Free-text object descriptions:
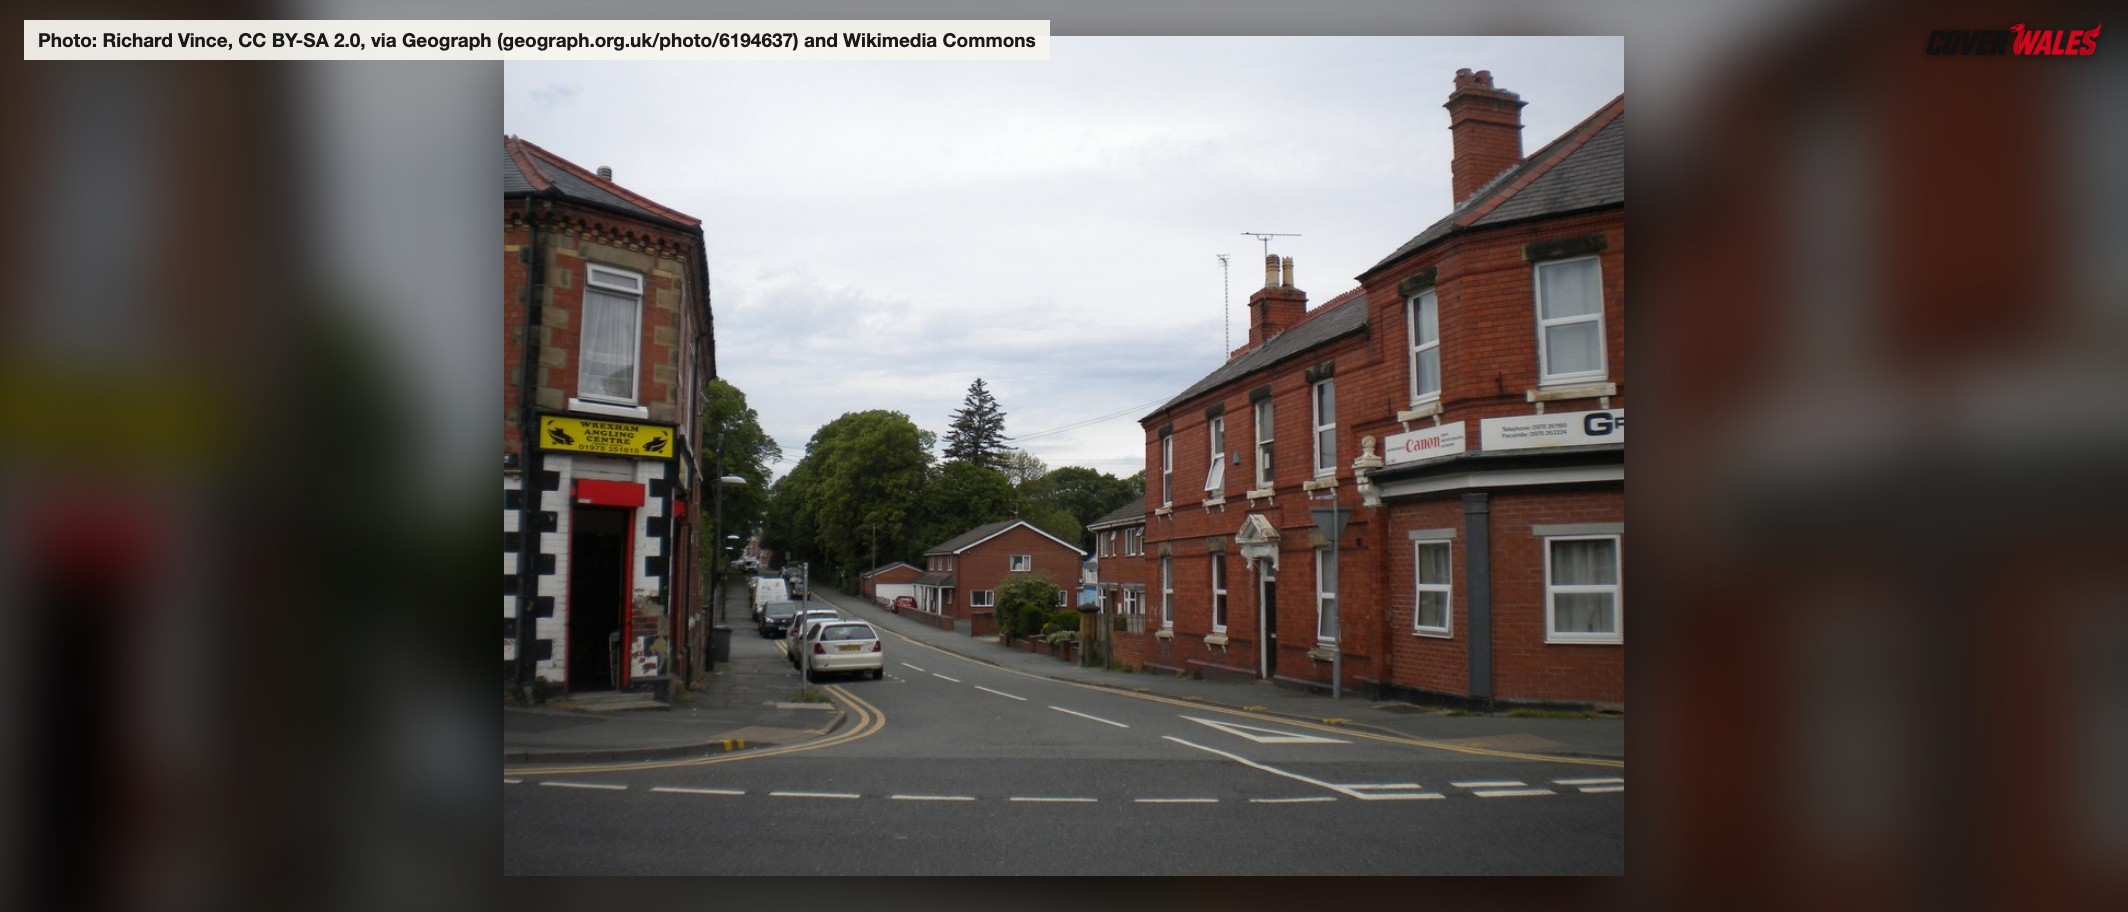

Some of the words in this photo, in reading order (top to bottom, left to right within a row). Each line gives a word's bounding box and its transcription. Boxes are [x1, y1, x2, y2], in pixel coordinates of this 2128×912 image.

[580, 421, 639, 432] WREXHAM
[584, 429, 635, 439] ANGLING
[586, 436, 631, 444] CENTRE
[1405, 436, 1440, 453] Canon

- _Try it_: Each line in the records above should be reproduced exactly; images are not copied.

- _Answer to the exercise_:
Some of the words in this photo, in reading order (top to bottom, left to right within a row). Each line gives a word's bounding box and its transcription. Boxes are [x1, y1, x2, y2], in pixel coordinates of this 2128×912 image.

[580, 421, 639, 432] WREXHAM
[584, 429, 635, 439] ANGLING
[586, 436, 631, 444] CENTRE
[1405, 436, 1440, 453] Canon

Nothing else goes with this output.